I was transported by ambulance to the hospital with two broken wrists, a laceration on my nose and a badly bruised leg. One wrist required surgery while I was pregnant and the other wrist was put in a cast. Thankfully, our baby was OK but I had no use of my hands and wrists. I gave birth a week later but I couldn’t pick up my son, as my wrists were not even close to healed. I couldn’t breastfeed—really impossible without wrists—couldn’t change a diaper, couldn’t give him a bath. Heck, it would be weeks before I could bathe myself again! It was awful.

We finally had our healthy son, but I was a spectator, watching as others cared for him. I felt like a guest in my own home as we needed so much help.

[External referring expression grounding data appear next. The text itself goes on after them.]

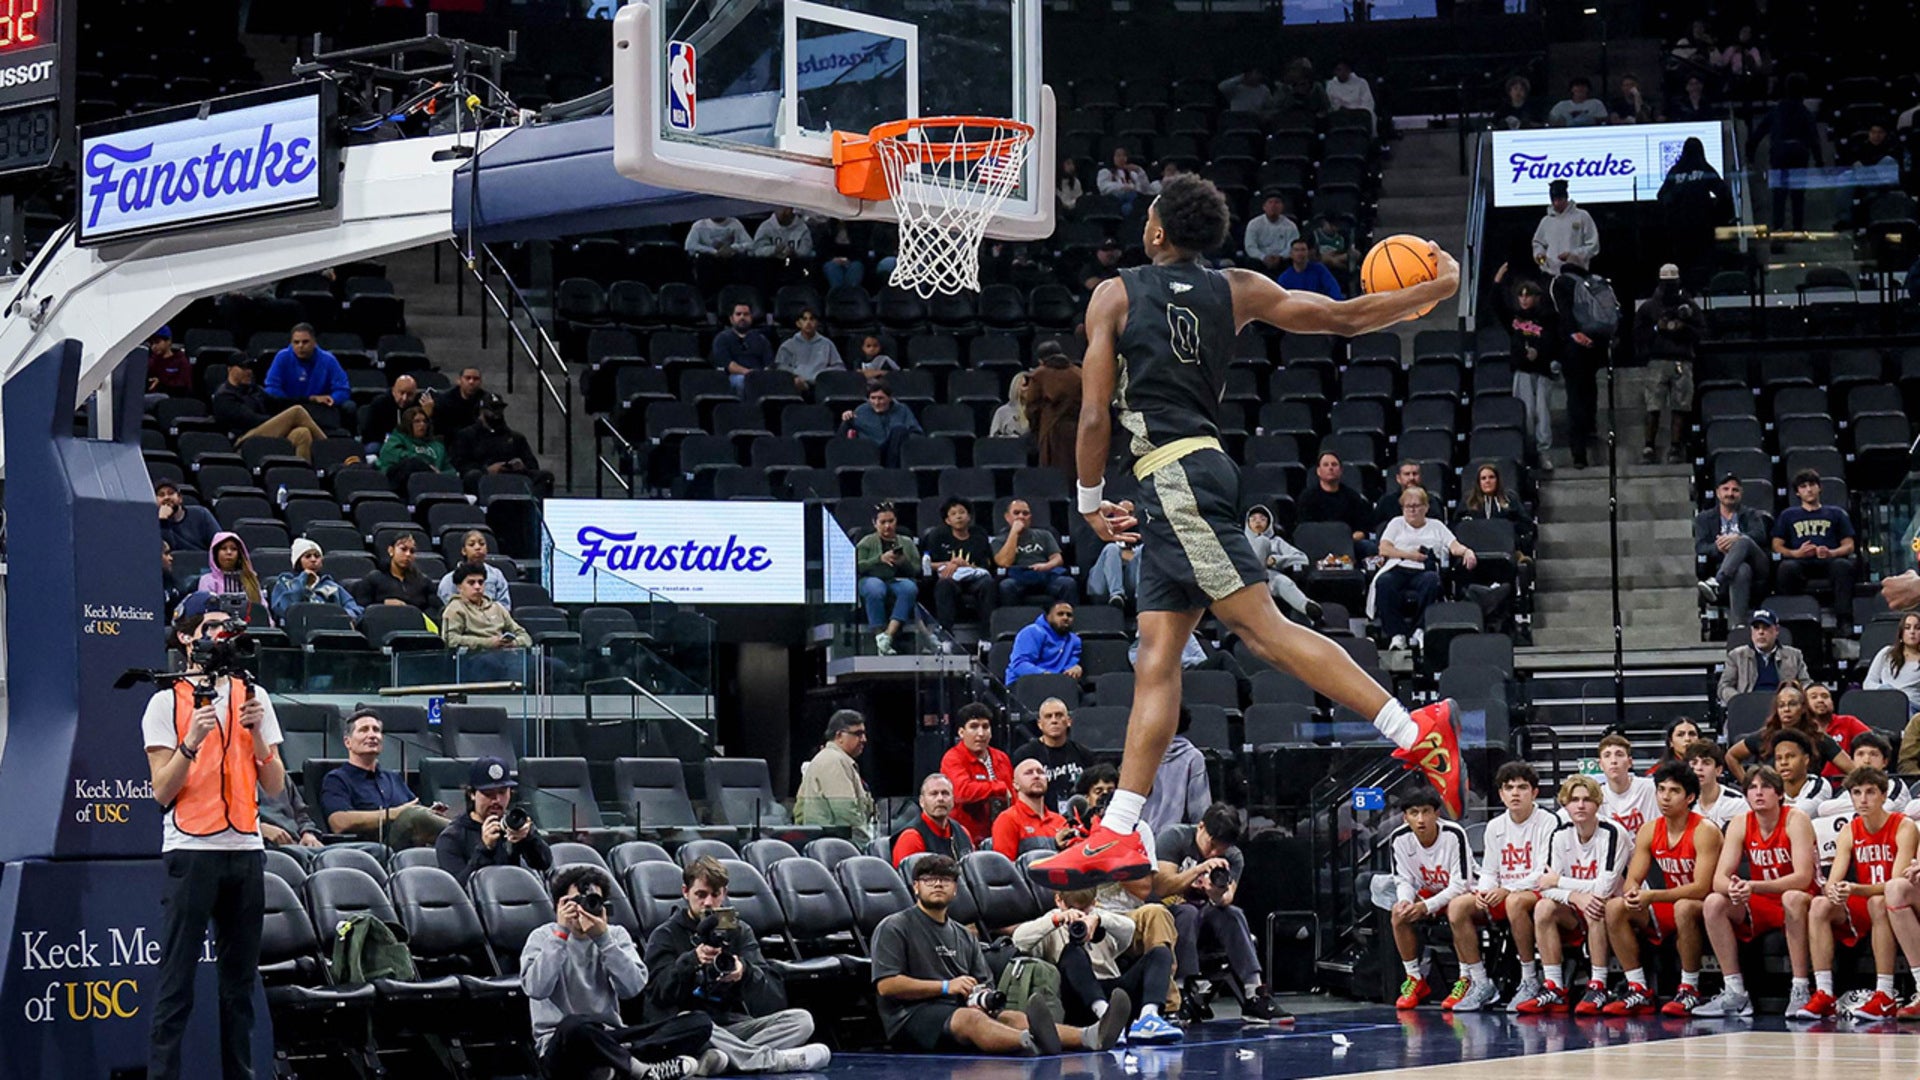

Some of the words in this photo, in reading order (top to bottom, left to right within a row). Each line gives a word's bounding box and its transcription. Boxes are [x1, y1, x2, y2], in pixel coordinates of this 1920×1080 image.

[86, 123, 318, 228] Fanstake
[1509, 153, 1636, 183] Fanstake
[1793, 519, 1831, 538] PITT
[577, 525, 773, 576] Fanstake
[84, 604, 108, 618] Keck
[110, 605, 154, 620] Medicine
[84, 620, 96, 634] of
[97, 621, 120, 635] USC
[75, 779, 111, 798] Keck
[1355, 795, 1366, 808] 8
[76, 802, 93, 823] of
[94, 803, 129, 823] USC
[21, 929, 101, 970] Keck
[24, 981, 60, 1022] of
[64, 979, 139, 1020] USC

Only then, did I grow up and face reality.

I was always in the room when he was changed and fed. I did a ton of “skin on skin” with him on my chest and I made sure, above all else, that he knew my voice and the touch of my fingertips. My first day alone with him, when I could really hold him and care for him, was one of the best days of my life.

My hands and wrists still ache and I’m not sure I’ll ever be that person again who walked onto that elevator that day. Nathan is 4 months old and I feel like a superhero every time I pick him up. This Mother’s Day we’ll be celebrating and I’ll be holding on to my baby with both hands!